CapST: An Enhanced and Lightweight Method for Deepfake Video Classification

The proliferation of deepfake videos, synthetic media produced through advanced Artificial Intelligence techniques has raised significant concerns across various sectors, encompassing realms such as politics, entertainment, and security. In response, this research introduces an innovative and streamlined model designed to classify deepfake videos generated by five distinct encoders adeptly. Our approach not only achieves state of the art performance but also optimizes computational resources. At its core, our solution employs part of a VGG19bn as a backbone to efficiently extract features, a strategy proven effective in image-related tasks. We integrate a Capsule Network coupled with a Spatial Temporal attention mechanism to bolster the model's classification capabilities while conserving resources. This combination captures intricate hierarchies among features, facilitating robust identification of deepfake attributes. Delving into the intricacies of our innovation, we introduce an existing video level fusion technique that artfully capitalizes on temporal attention mechanisms. This mechanism serves to handle concatenated feature vectors, capitalizing on the intrinsic temporal dependencies embedded within deepfake videos. By aggregating insights across frames, our model gains a holistic comprehension of video content, resulting in more precise predictions. Experimental results on an extensive benchmark dataset of deepfake videos called DFDM showcase the efficacy of our proposed method. Notably, our approach achieves up to a 4 percent improvement in accurately categorizing deepfake videos compared to baseline models, all while demanding fewer computational resources.
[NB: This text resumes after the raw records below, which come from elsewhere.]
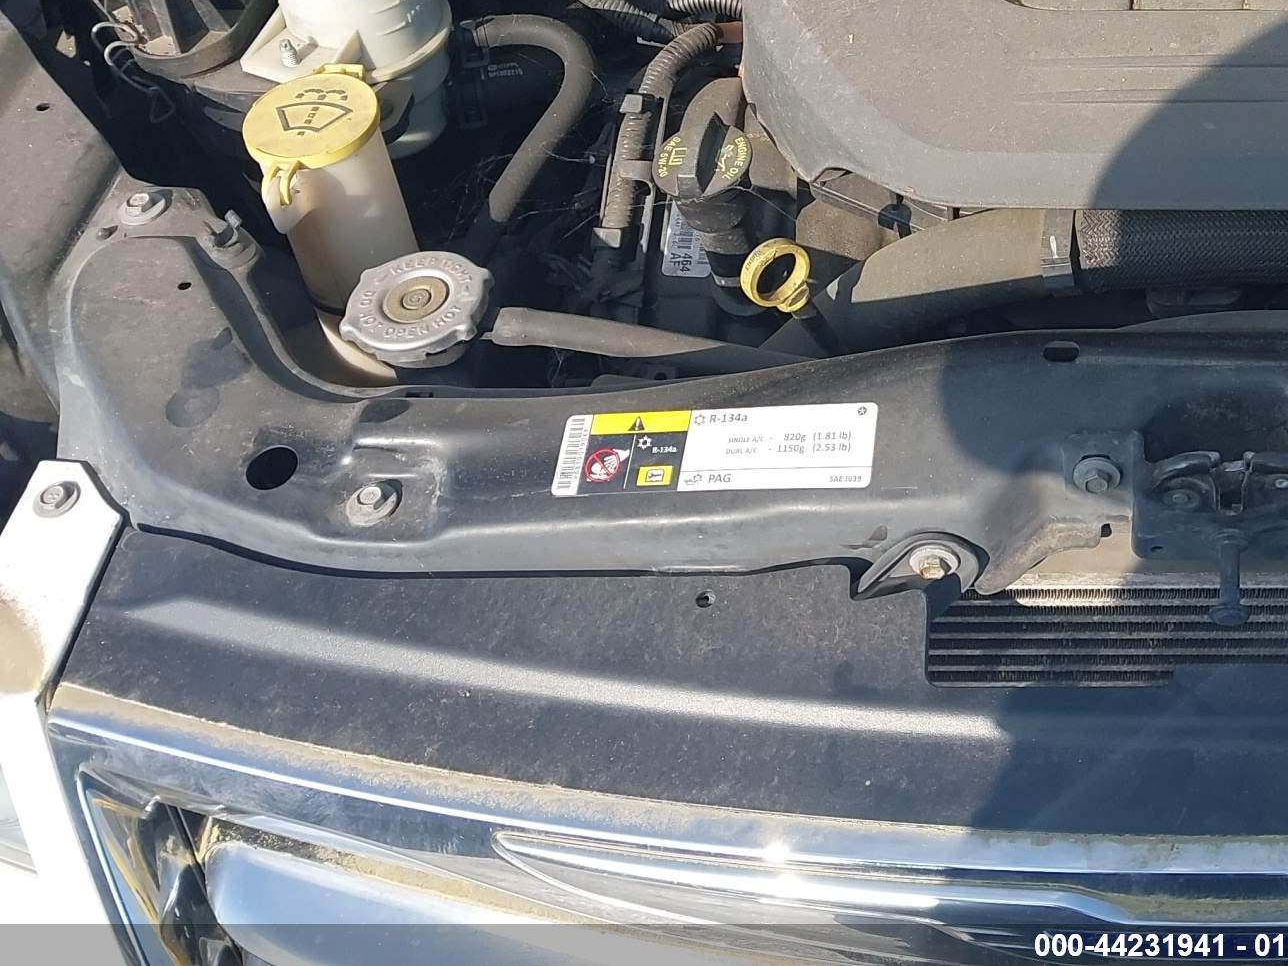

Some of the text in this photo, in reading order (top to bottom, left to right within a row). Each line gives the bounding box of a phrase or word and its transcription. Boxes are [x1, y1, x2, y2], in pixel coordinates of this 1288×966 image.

[721, 136, 747, 180] ENGINE OIL
[669, 252, 680, 267] AF
[679, 252, 693, 273] 464
[383, 325, 430, 339] OPEN
[432, 304, 463, 329] HOT
[709, 413, 748, 424] R-134a
[783, 433, 806, 443] 820g
[812, 432, 836, 442] (1.81
[838, 431, 852, 441] lb)
[776, 444, 805, 454] 1150g
[812, 444, 836, 453] (2.53
[838, 442, 852, 453] lb)
[708, 473, 732, 483] PAG
[829, 475, 843, 483] SAE
翻译：摘要：深度伪造视频作为一种通过先进人工智能技术生成的合成媒体，其泛滥已在政治、娱乐和安全等多个领域引发重大关切。为此，本研究提出一种创新且精简的模型，旨在精准分类由五种不同编码器生成的深度伪造视频。我们的方法不仅实现了领先性能，还优化了计算资源利用。其核心采用部分VGG19bn作为骨干网络高效提取特征——该策略在图像任务中已证实有效。我们融合胶囊网络与时空注意力机制，在提升模型分类能力的同时节省资源。这种组合能捕获特征间的复杂层级结构，从而实现对深度伪造属性的稳健识别。深入探究创新细节，我们引入一种利用时间注意力机制的现有视频级融合技术。该机制通过处理拼接后的特征向量，巧妙利用深度伪造视频中固有的时间依赖性。通过跨帧聚合信息，模型获得对视频内容的整体性理解，从而实现更精确的预测。在名为DFDM的大规模深度伪造视频基准数据集上的实验结果表明了所提方法的有效性。值得注意的是，与基线模型相比，我们的方法在精准分类深度伪造视频方面实现了最高4%的性能提升，且所需计算资源更少。